I recently posted a bunch of photographs of the progression of a prom dress I'm working on on
Facebook for interested parties to see. I got a lot of positive responses because I have fantastic friends, but truly, this dress has gone from being something I had to rush through because I
was i
n school and short on time - to one of the best pieces I've ever made and something I'm really proud of (and hallelujah if it fits...)
One of my friends, a fantastic woman I met when I worked at Fabricland years ago, and also a wonderful seamstress and artist herself, comments regularly on my work. Although every comment I
ever get on anything are so greatly appreciated, it's different when the comment is coming from
someone who knows the trade and could see the flaws that the untrained eye would likely miss. I
thanked her on Facebook, with a little wall post, and added that I continued to use her zipper trick on all zippers I'm installing, with the exception of the invisible zipper. Her response was lovely and on the end she
attached that even she was perplexed by the installation of an invisible zipper.

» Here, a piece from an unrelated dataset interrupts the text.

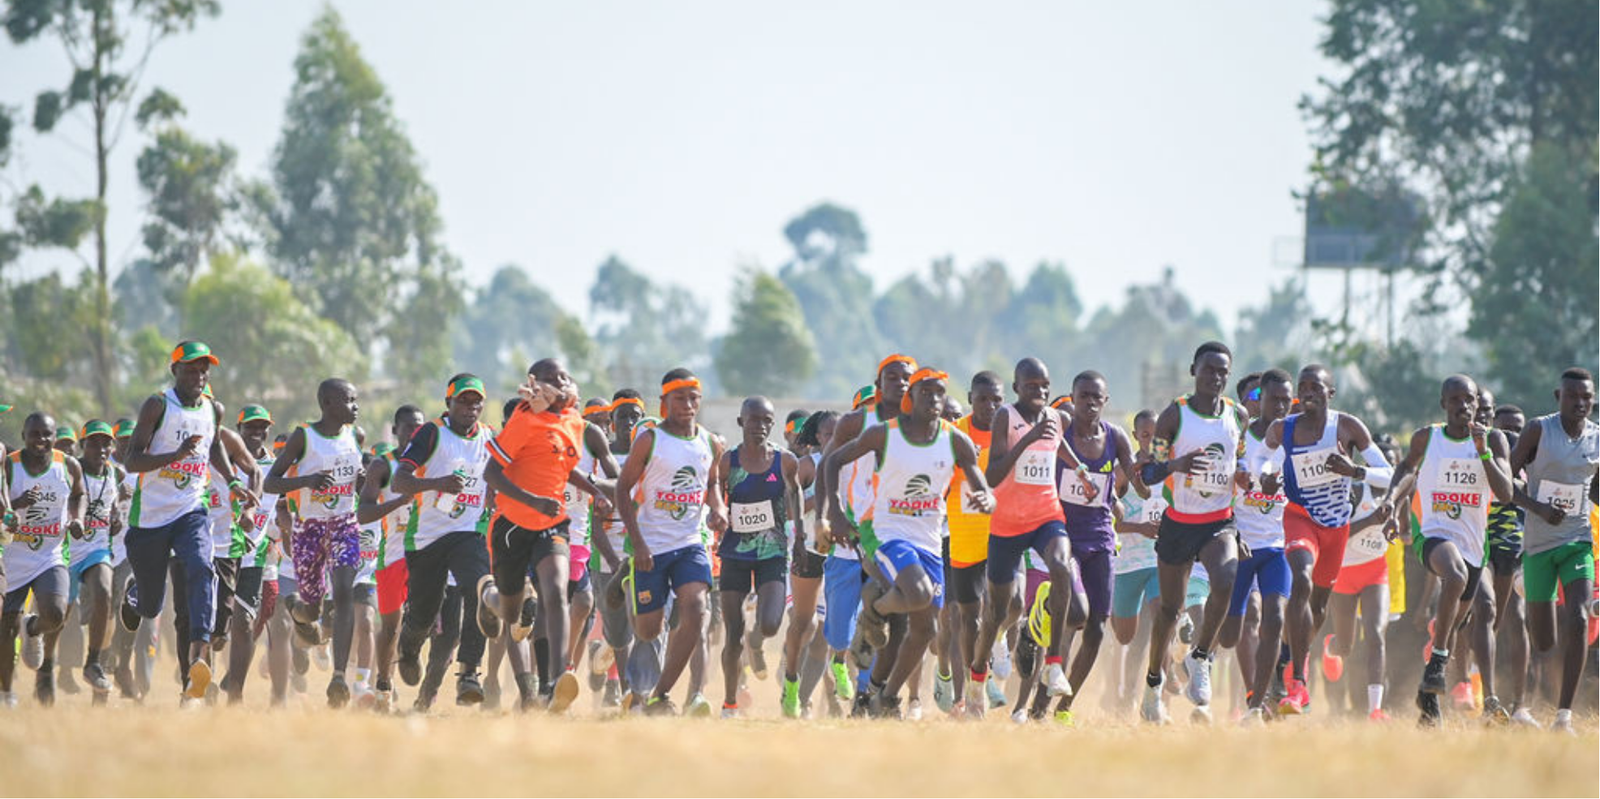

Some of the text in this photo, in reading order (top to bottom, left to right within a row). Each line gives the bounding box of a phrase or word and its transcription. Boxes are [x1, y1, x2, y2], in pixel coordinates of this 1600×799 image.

First I just was going to message her with a step by step guide to installing one from my own experience, but then I thought - WAIT. I have a blog for this kind of thing.
So here we are.

How to Install an Invisible
Zipper - By Vanessa Petey
1) from the hem of the fabric up to the zipper notch, stitch. backstitch.
2) open the zipper and match the top closure of the zipper to the top edge of the fabric. the outside edge of the zipper should be level with the edge of the fabric to the notch with the teeth of the zipper facing inward.

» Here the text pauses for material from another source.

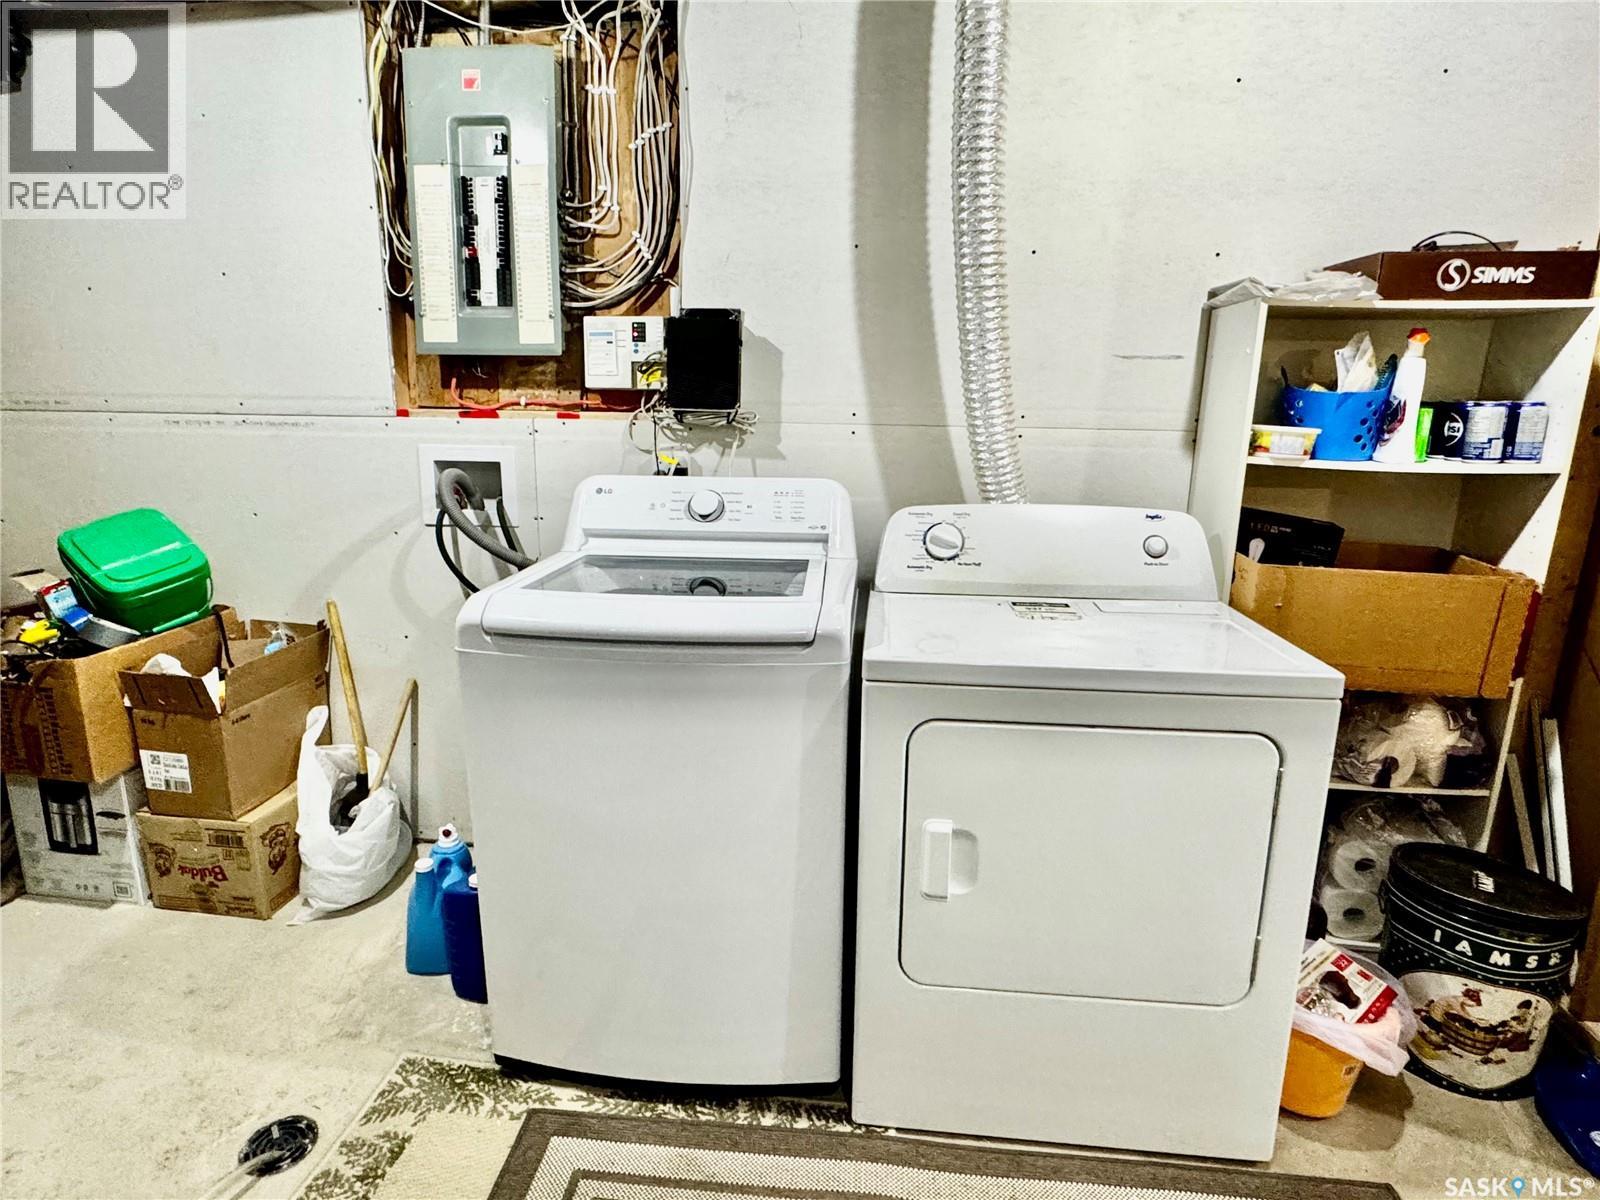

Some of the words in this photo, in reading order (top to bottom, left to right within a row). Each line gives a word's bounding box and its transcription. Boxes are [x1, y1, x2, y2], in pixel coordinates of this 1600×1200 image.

[1471, 266, 1537, 284] SIMMS
[177, 864, 229, 882] Buldak
[1433, 929, 1539, 969] IAMS

3) baste stitch near the edge of the zipper with regular sewing machine foot. sew the entire length of the zipper down to just past the zipper notch where the two fabrics meet.
-when the foot reaches the slider of the zipper, leave the needle down in the machine and raise the foot. slide the zipper closed and continue
4) do the same to the other side, making sure to match the tops of the zipper sides.
5) switch
to a zipper foot on the machine (an invisible zipper foot is good too... and some seamstresses will swear they never use anything else for an invisible
zipper, but I much prefer my method, so take your pick.)
6) press apart the teeth from the tape of the zipper and lower the zipper foot as close as possible to the teeth. sew down from the top repeating the method of moving the slider with the machine stopped and the needle down.
7) when the machine reaches the bottom of the zipper, simply veer the stitch off of the edge of the fabric leaving a tail.
8) repeat for the other side of the zipper

I actually find it more simple than any other sort of zipper in dresses, to be honest.